→ Work instructions
Among the entries that follow, find the lines holding "phrase" and say how many there are, with no other words.

→ Exercise inputs

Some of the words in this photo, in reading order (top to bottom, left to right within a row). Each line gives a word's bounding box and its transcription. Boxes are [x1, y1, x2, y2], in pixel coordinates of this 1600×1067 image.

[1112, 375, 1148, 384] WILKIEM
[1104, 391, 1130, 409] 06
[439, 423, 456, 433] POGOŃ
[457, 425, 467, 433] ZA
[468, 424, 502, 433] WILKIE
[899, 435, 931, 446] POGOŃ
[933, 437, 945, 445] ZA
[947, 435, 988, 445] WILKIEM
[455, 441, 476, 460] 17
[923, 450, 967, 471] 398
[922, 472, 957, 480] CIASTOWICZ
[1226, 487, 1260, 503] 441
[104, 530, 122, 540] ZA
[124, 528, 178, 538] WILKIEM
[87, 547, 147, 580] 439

--

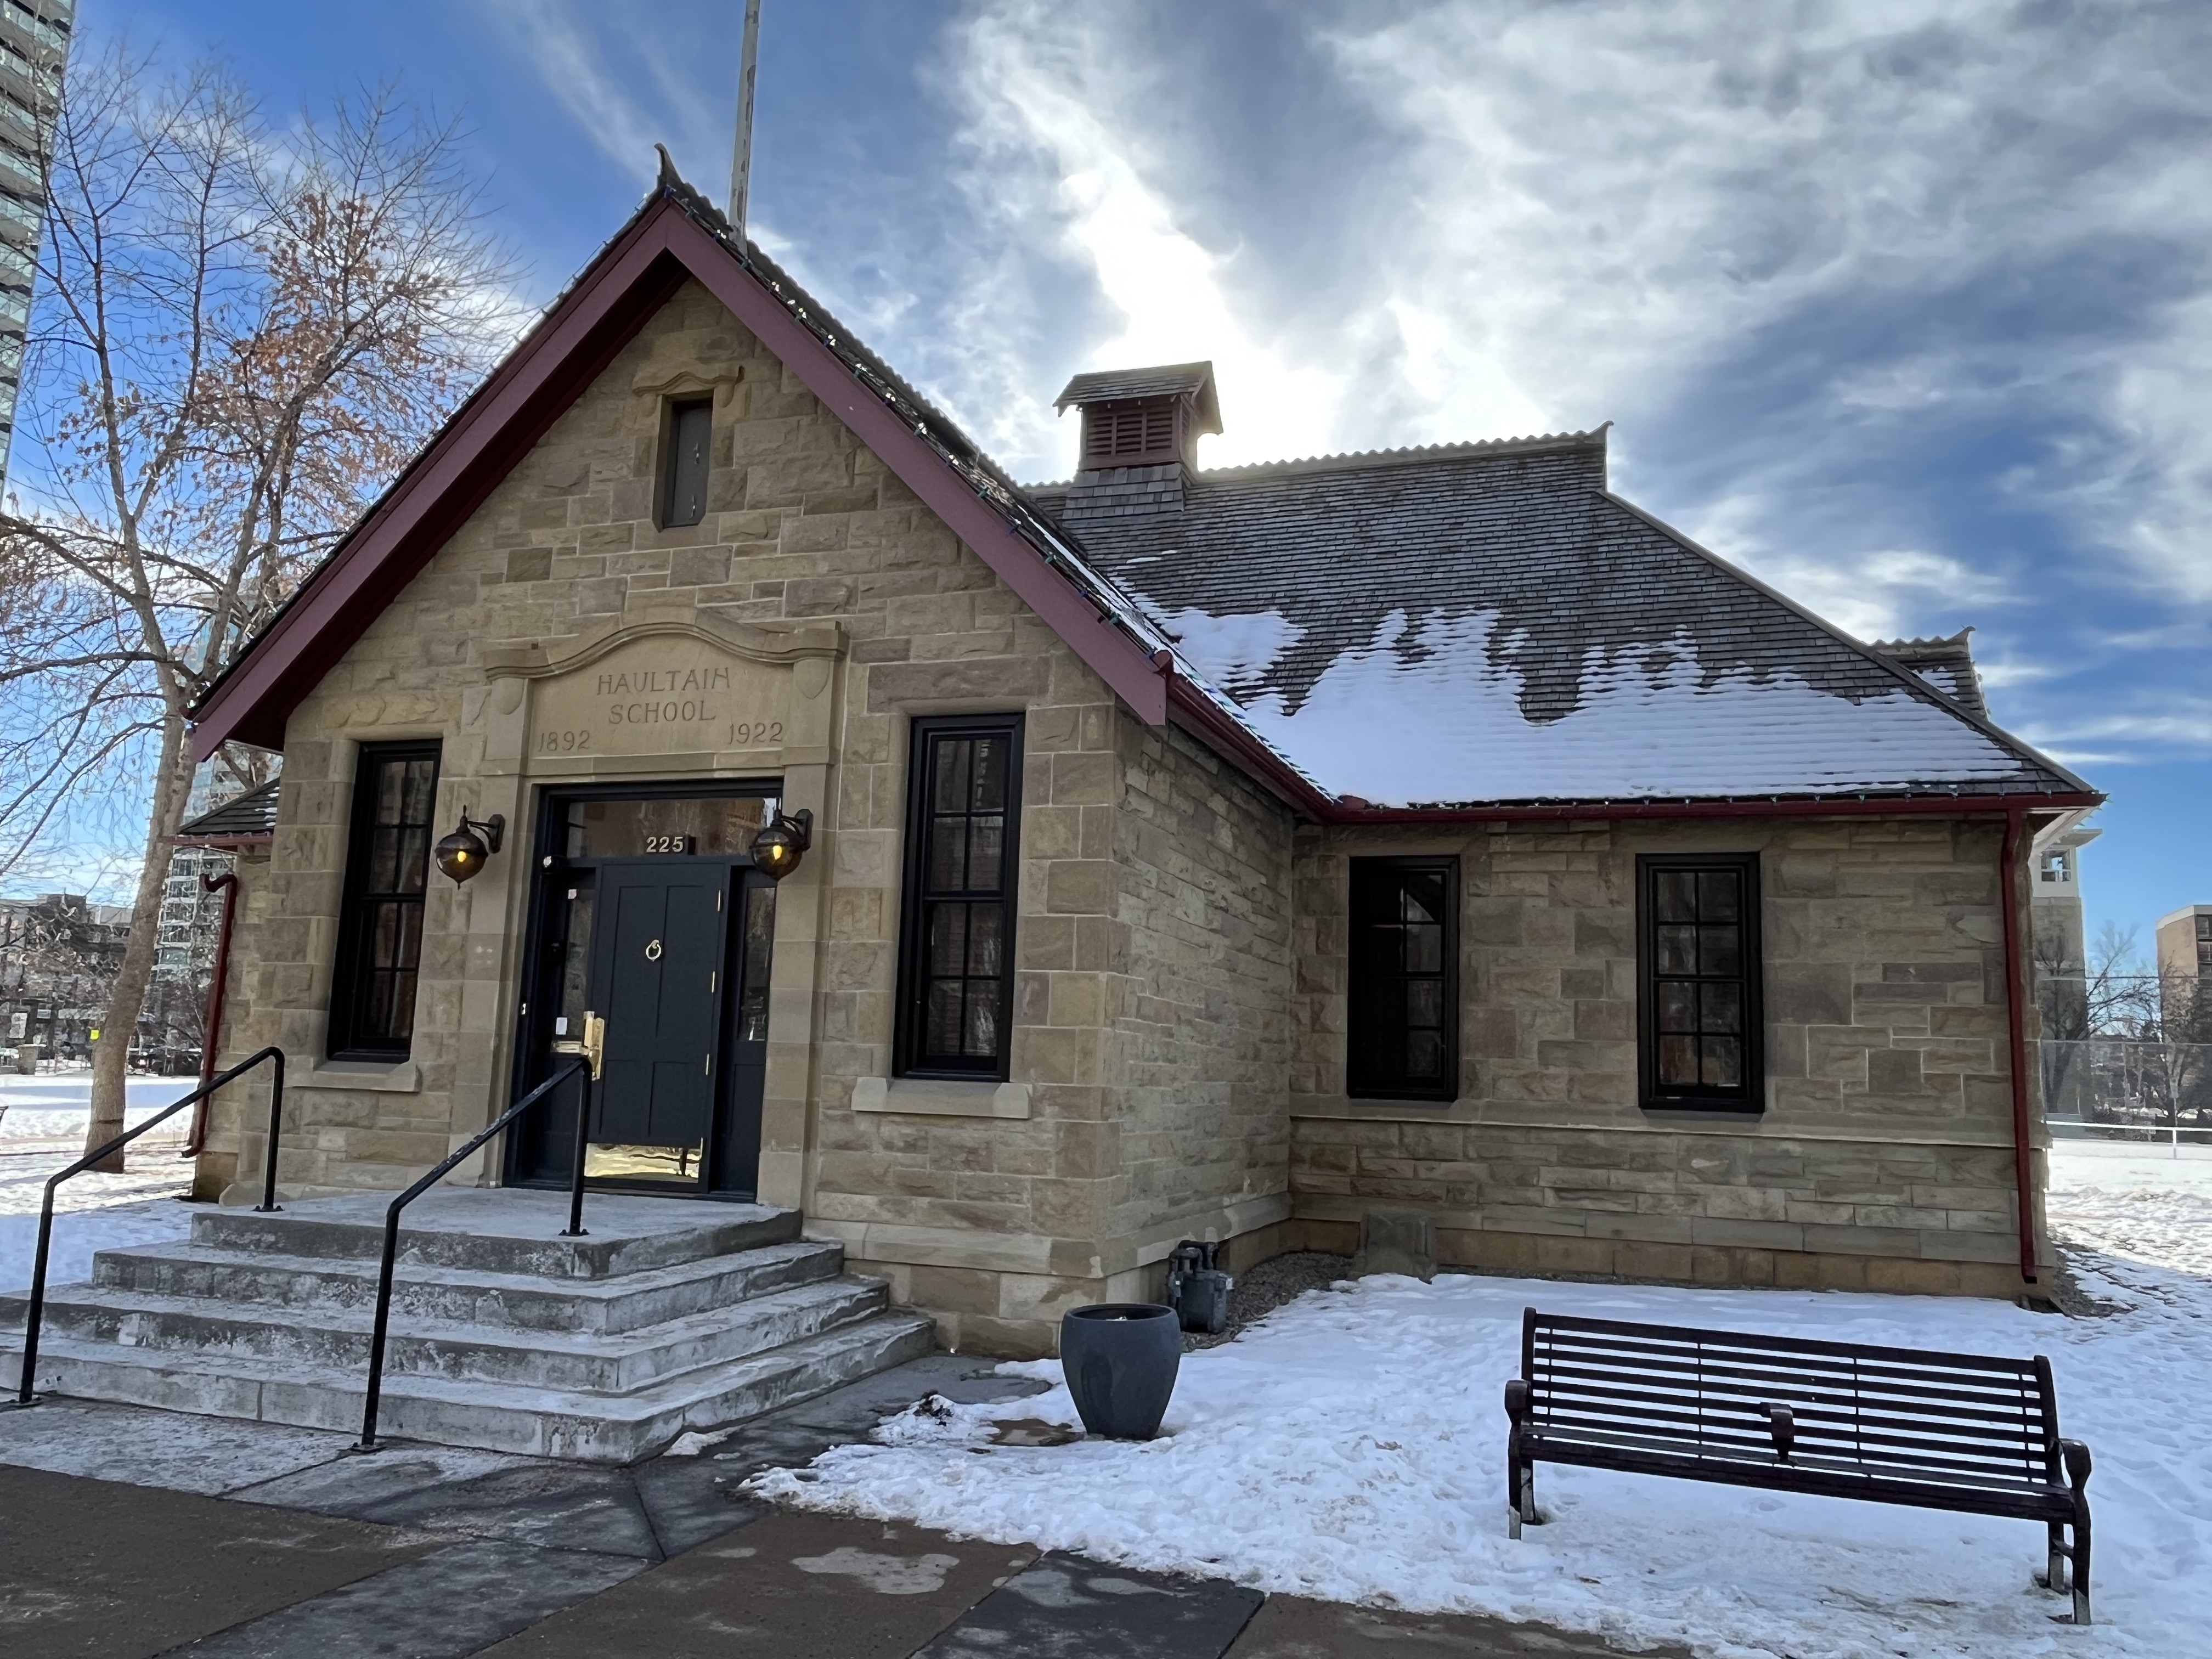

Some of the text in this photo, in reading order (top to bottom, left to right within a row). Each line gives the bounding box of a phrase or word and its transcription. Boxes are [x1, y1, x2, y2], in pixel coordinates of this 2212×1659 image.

* * *

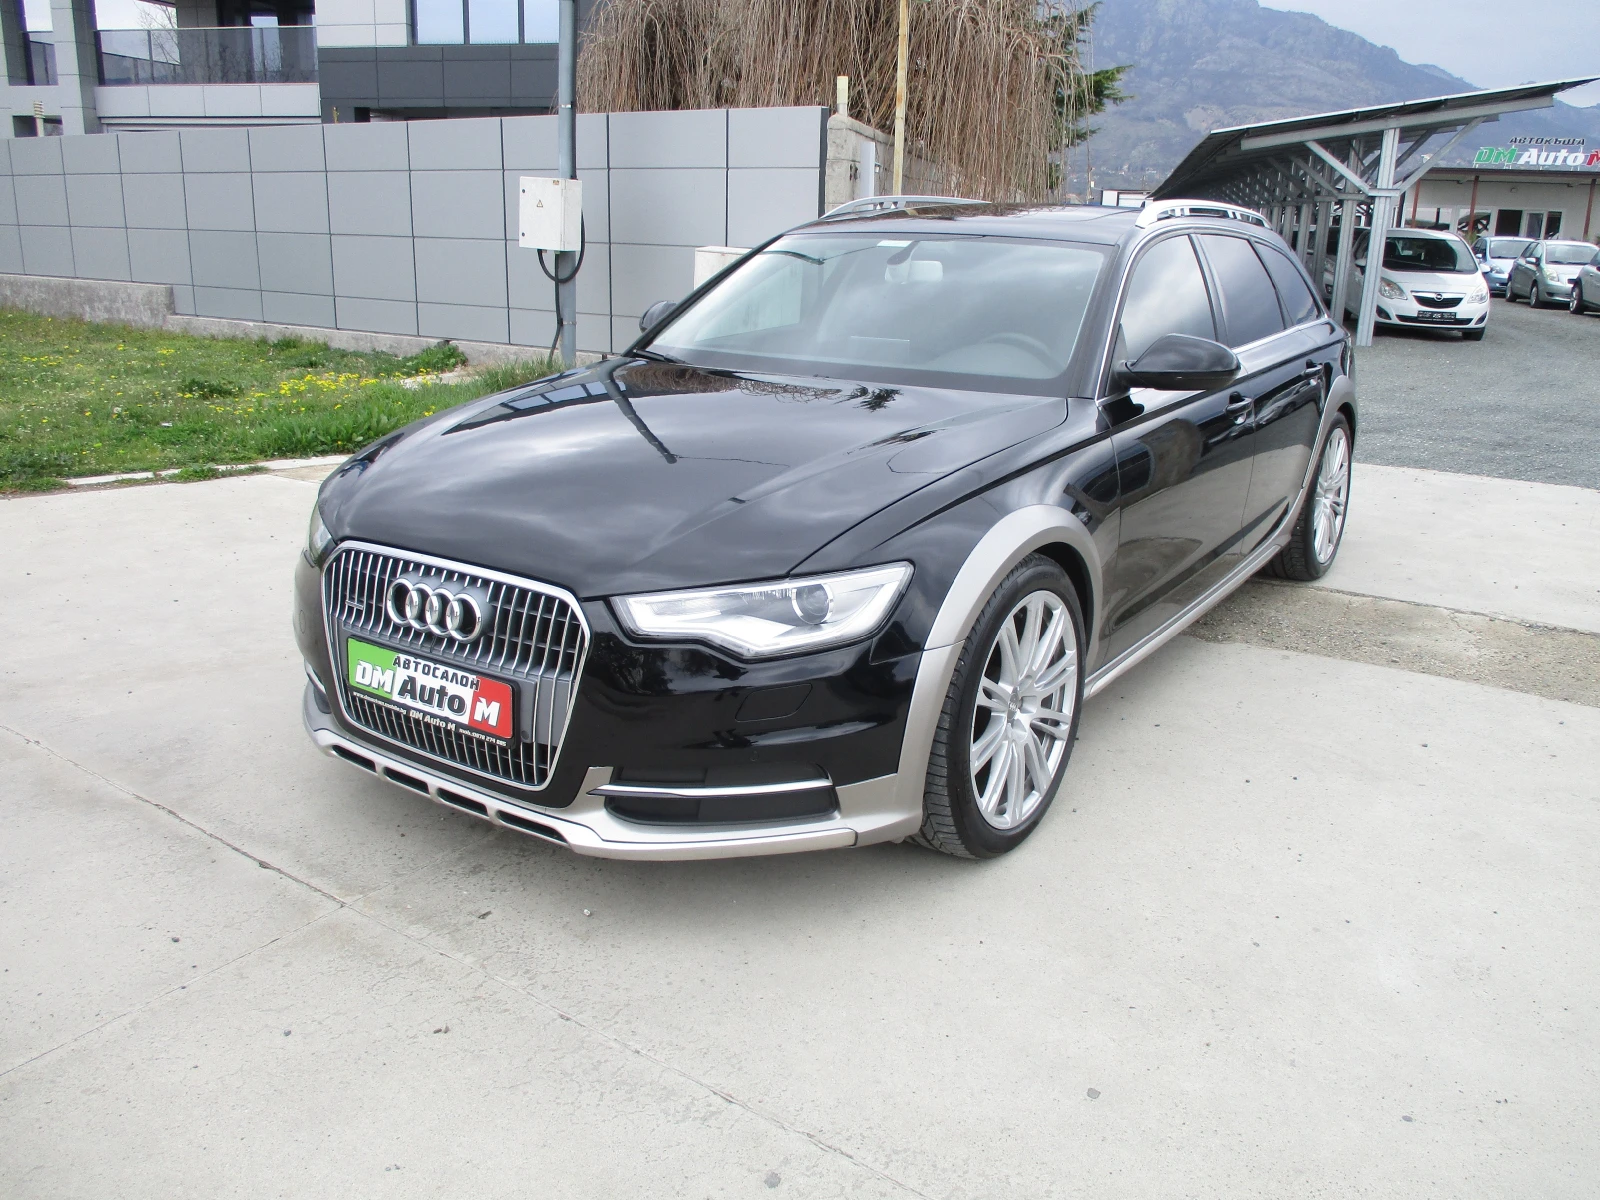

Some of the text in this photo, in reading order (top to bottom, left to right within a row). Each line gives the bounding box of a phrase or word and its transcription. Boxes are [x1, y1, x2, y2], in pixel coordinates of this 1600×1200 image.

→ Task result
2